Ketik disini

Kriminal

Masih Jalan di Tempat

Bagikan

MATARAM – Kasus pembebasan lahan Transmigrasi di Desa Jeringo, Kecamatan Pringgabaya, Kabupaten Lombok Timur masih jalan di tempat. Hingga kini Tim Penyidik Polda NTB masih mengumpulkan keterangan dari sejumlah saksi terkait kasus tersebut.

“Yang lainnya sudah rampung, tapi kita masih mengumpulkan keterangan tambahan dari saksi saksi,” kata Dir Ditkrimsus Polda NTB, Kombes Pol Prasetijo Utomo, selasa.

Ia mengungkapkan, pihaknya masih belum bisa melimpahkan berkas perkaranya ke Kejaksaan Tinggi NTB. Masih terkendala pemeriksaan tambahan.
Sebelumnya, tim penyidik telah menetapkan empat orang tersangka dalam kasus tersebut. Diantaranya, RA selaku KPA, H mantan anggota legislatif, AKN seorang Kepala Dinas, dan AKM mantan pejabat desa.

Penetapan tersebut dilakukan setelah pihak kepolisian menerima hasil audit tim BPKP, terkait nilai kerugian negara dari proyek lahan transmigrasi tersebut. Kemudian Ditreskrimsus Polda NTB melakukan gelar perkara pada 30 Juni lalu. Sehingga ditemukan nama empat orang tersebut, yang diduga turut serta melakukan tindak pidana.

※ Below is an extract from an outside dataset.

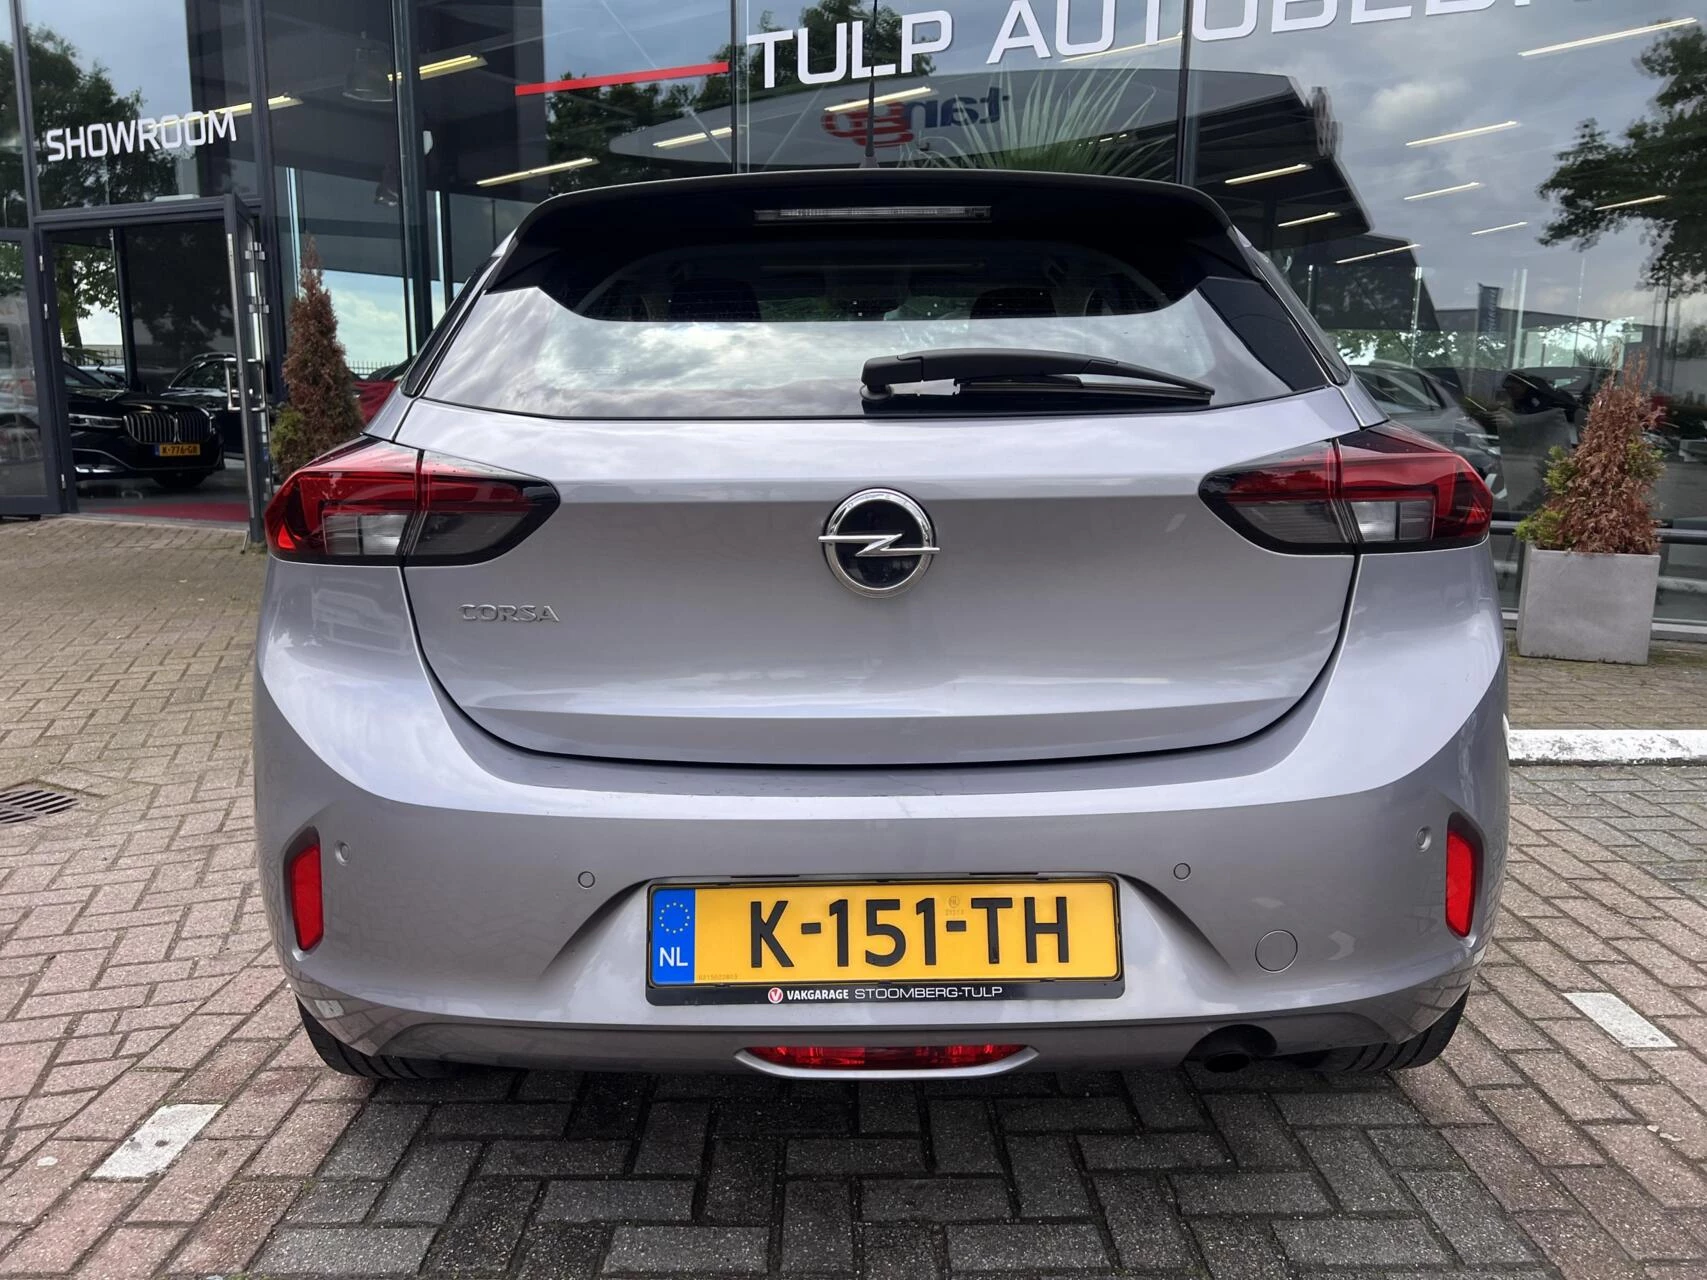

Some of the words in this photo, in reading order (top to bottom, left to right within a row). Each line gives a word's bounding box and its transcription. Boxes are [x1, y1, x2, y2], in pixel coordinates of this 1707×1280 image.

Awalnya 45 hektar lahan yang disediakan, diperuntukkan kepada 34 warga penerima bantuan yang akan dibebaskan lahannya. Dan dari hasil audit tim BPKP, ditemukan kerugian hingga menyentuh angka Rp 300 juta rupiah.

Kemudian kasus tersebut dilaporkan setelah setelah ditemukan empat nama yang tercantum dalam daftar penerima bantuan diduga fiktif. Dan setelah dilakukan penyelidikkan lapangan, tetnyata dugaan tersebut benar adanya.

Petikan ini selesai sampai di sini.